I think my verbal approach to the patient may help as much as the technique itself. Here’s my pitch: “I know you’re a gagger, so I’m going to show you my antigagging technique. I’m not going to say it works 100% of the time, but it does work about 80% of the time. I read about it in a scientific journal and I forget the reason why it works. All I know is that it does work most of the time.” Then I have the patient turn one hand palm up, and I put my thumb on a spot just beyond the base of the palm. I tell them that they need to put their thumb exactly where mine is and push really hard. Then I remind them to breathe while I take the x-ray. As I put the sensor in the mouth and run out of the room to take the x-ray, I repeat, “Push hard on that spot.”
Although the computer has a set order for taking bitewings, sometimes I’ll take the premolar shot before the molar shot. This tricks the patient into thinking, “Well, that wasn’t too bad,” and they’re more likely to relax when I take the molar shot next.
The political ranter
First and foremost, if you have a TV in the operatory, do not put a news channel on! I generally leave my TV on HGTV. I have listened to, but never watched, every episode of Fixer Upper so many times that I know every time the word “shiplap” is about to be uttered. I am not a TV watcher, but patients have come to expect it. It’s a diversion and masks other sounds in the office. I find that HGTV is OK with most people. But sometimes someone asks for a specific channel. If it’s a sports or food channel, I’m happy. If it’s news, I know I’m in trouble.
The problem with news channels is that for some reason the patient always wants to watch the channel you hate the most. The other problem with news channels is that the news is generally bad and depressing. The patient is in a dental office, for goodness’ sake! Do they really need to add to their stress by watching the news? Apparently, some patients do. I don’t argue with them. I just inwardly sigh, put on the requested station, and hope for the best.
And then it happens...the political rant. Even if I share the patient’s views, I really don’t want to waste time talking about politics. My standard response when a patient gets going on their political opinions is this: “Yeah, it’s crazy.” I don’t care what they’re ranting about. That’s my only reply. Then I quickly switch to teeth talk. Sometimes I have to repeat the routine more than once, but eventually the patient usually calms down.
The sensitive, lip-tightening, large-mobile-tongue patient
I’ve grouped these challenges together because they frequently go hand-in-hand. Most of us have our favorite products that we use and recommend with these patients. There have been many excellent articles written on how to cope with sensitive patients. I just want to share a few little tricks that have helped me. The first one is simply this: Start on the lower right quadrant.

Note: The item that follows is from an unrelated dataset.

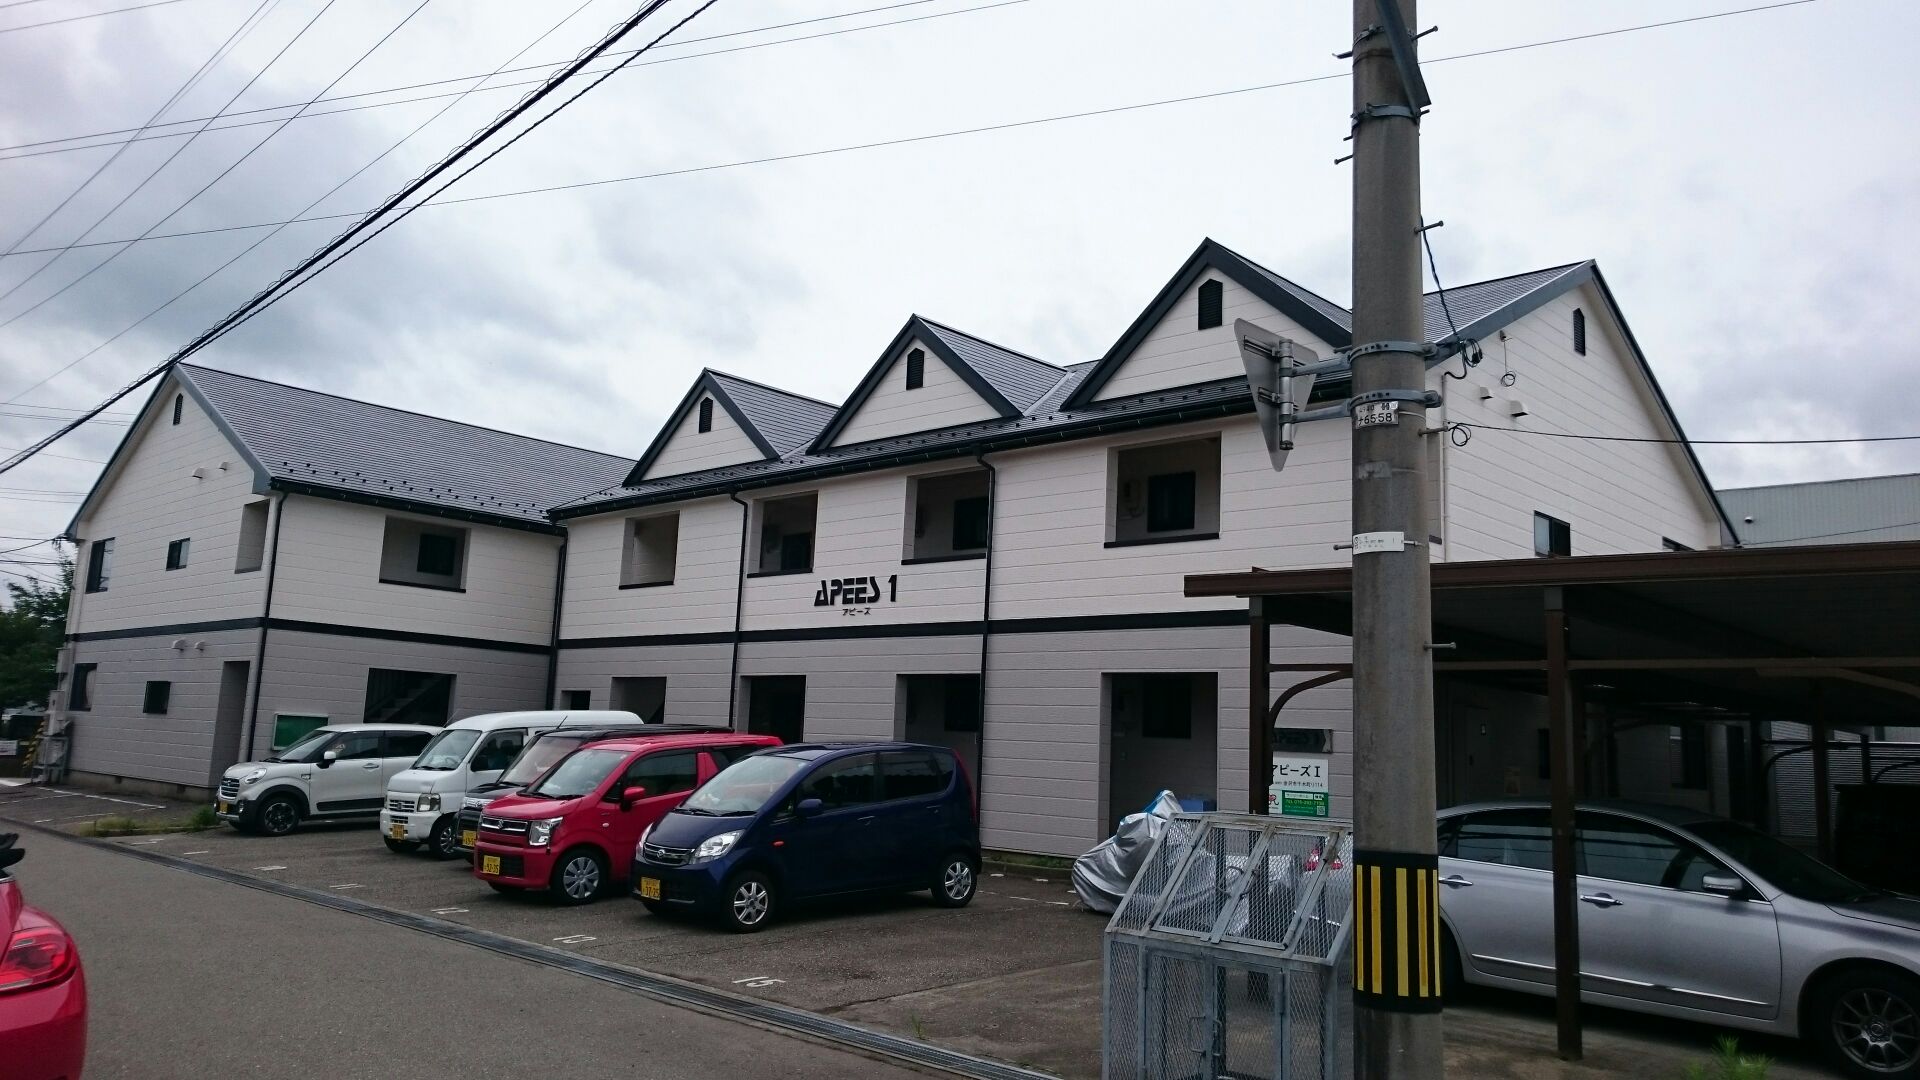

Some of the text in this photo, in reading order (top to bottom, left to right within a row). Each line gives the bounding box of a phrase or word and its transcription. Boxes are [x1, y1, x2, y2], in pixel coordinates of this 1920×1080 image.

How does this help? Well, first of all, assuming you’re a right-handed hygienist, it is one of the easiest areas to see and access. Secondly, there is usually less calculus there than on the lower anteriors and maxillary molars. If you see recession, don’t touch the buccals; just go very lightly between the teeth or along the linguals. All of this is simply to relax the patient as they feel how light-handed you are. Once they are more relaxed, you can do a little more real scaling in these areas. I always leave areas of recession for last, as they are the most sensitive areas. The trick is to start so lightly in an easily accessible and generally nonsensitive area that the patient thinks you are not going to hurt them, and then they relax. With any luck, they will also stop following you with their tongue and tightening their lips.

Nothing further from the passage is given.